» **Exercise objective**
Return all of the following entries as written, but without the images.

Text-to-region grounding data
Start of Block

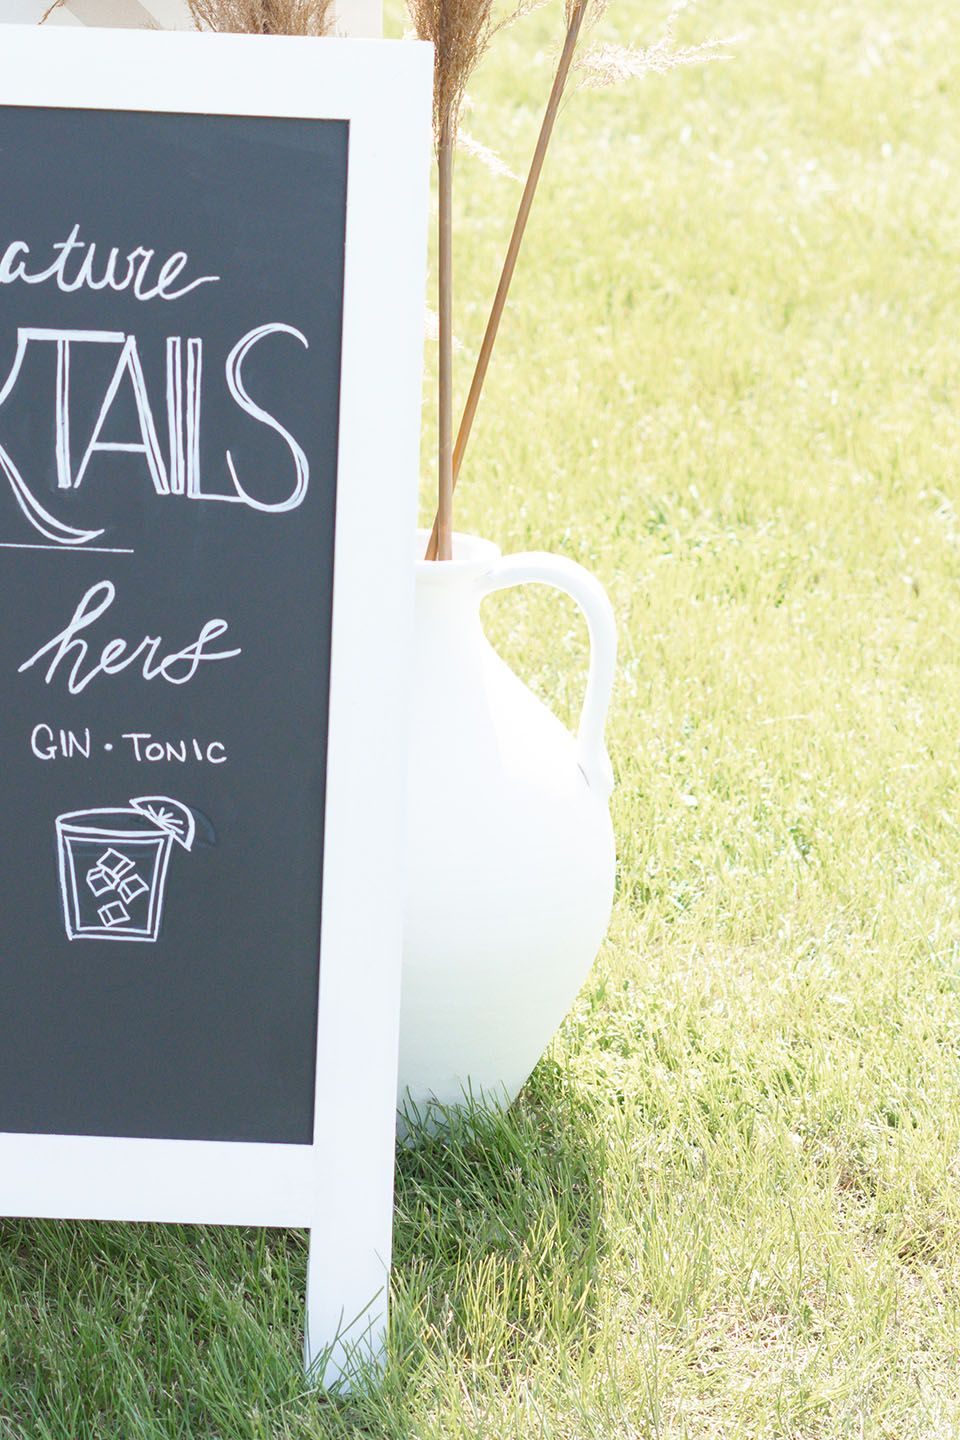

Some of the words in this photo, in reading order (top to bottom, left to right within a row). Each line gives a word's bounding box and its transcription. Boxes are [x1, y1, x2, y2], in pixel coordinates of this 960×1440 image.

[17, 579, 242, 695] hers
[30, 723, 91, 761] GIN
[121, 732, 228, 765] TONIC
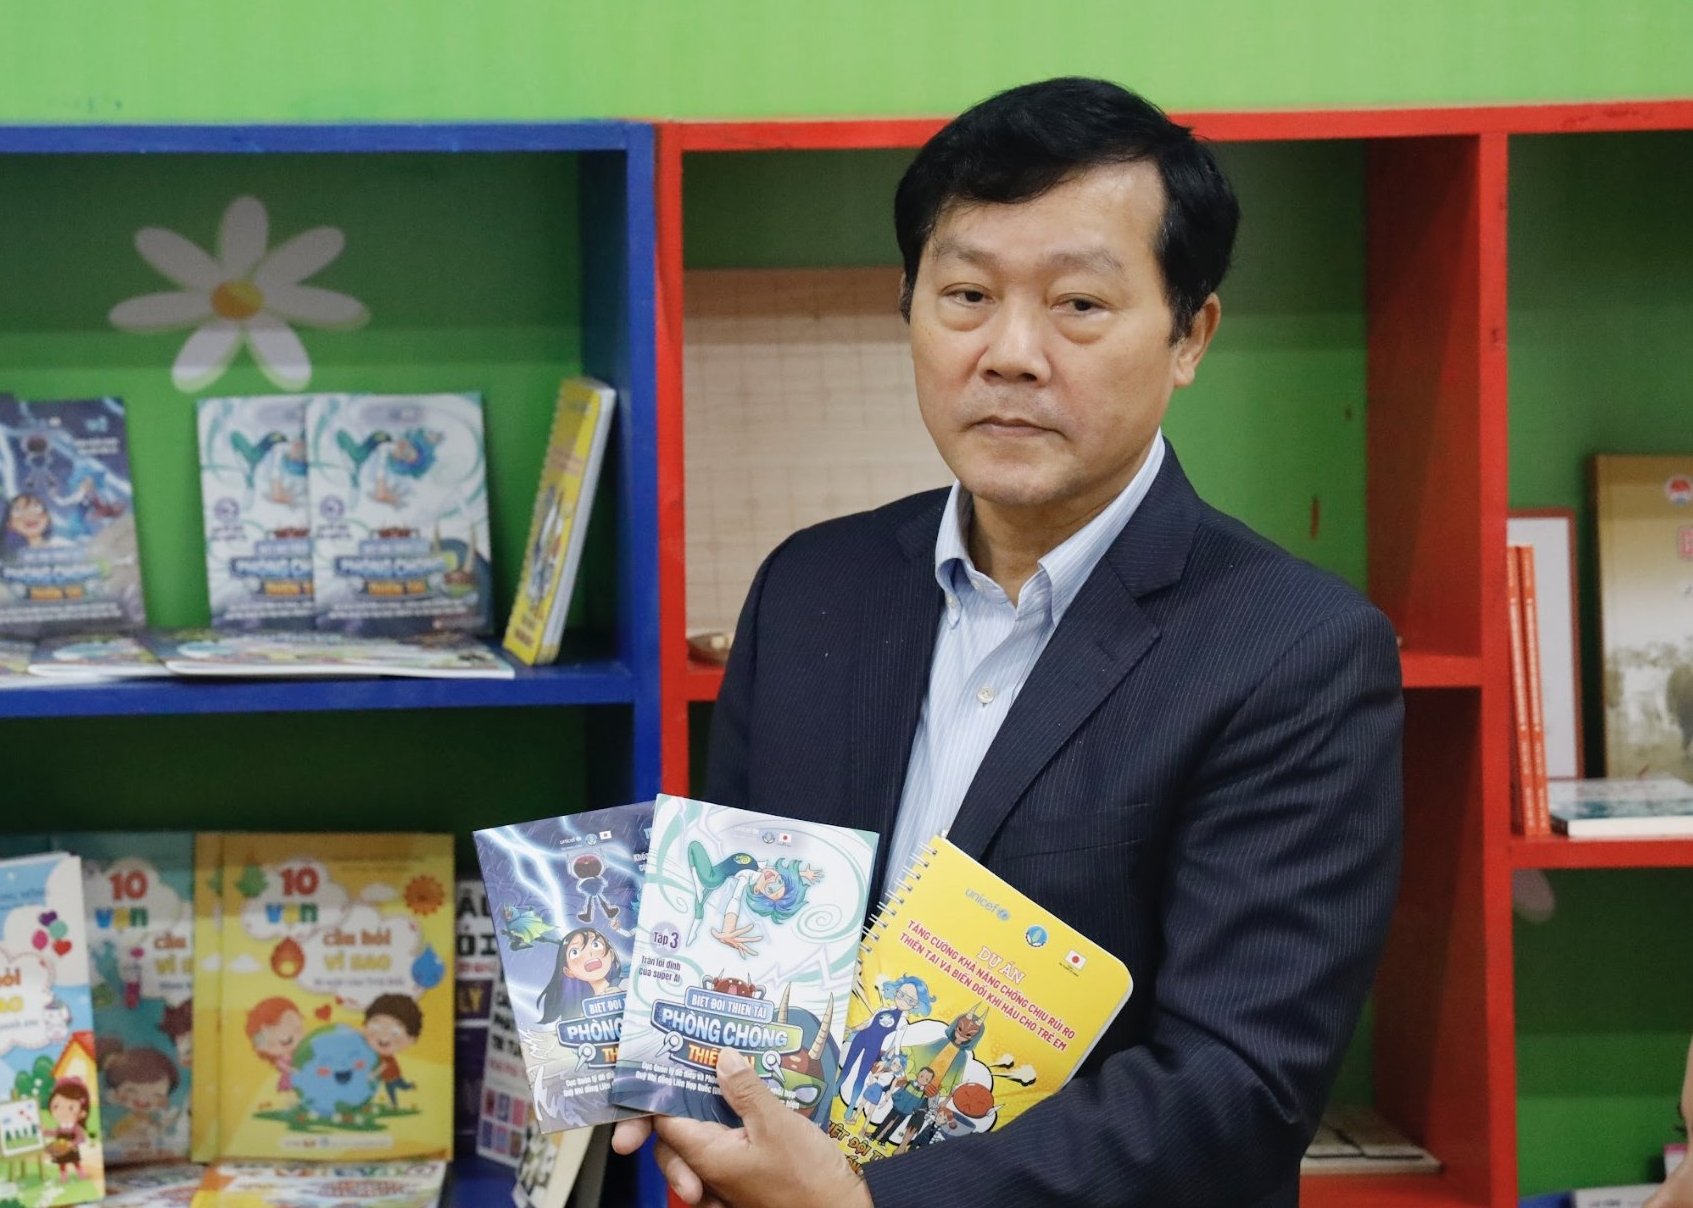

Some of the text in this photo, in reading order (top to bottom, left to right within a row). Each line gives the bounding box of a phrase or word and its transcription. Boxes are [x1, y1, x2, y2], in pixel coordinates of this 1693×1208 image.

End of Block

» **Response**
Some of the words in this photo, in reading order (top to bottom, left to right within a row). Each line gives a word's bounding box and its transcription. Boxes are [x1, y1, x2, y2], in pixel coordinates of this 960×1440 image.

[17, 579, 242, 695] hers
[30, 723, 91, 761] GIN
[121, 732, 228, 765] TONIC

Some of the text in this photo, in reading order (top to bottom, left to right within a row). Each line gives the bounding box of a phrase or word and its transcription. Boxes are [x1, y1, x2, y2], in pixel coordinates of this 1693×1208 image.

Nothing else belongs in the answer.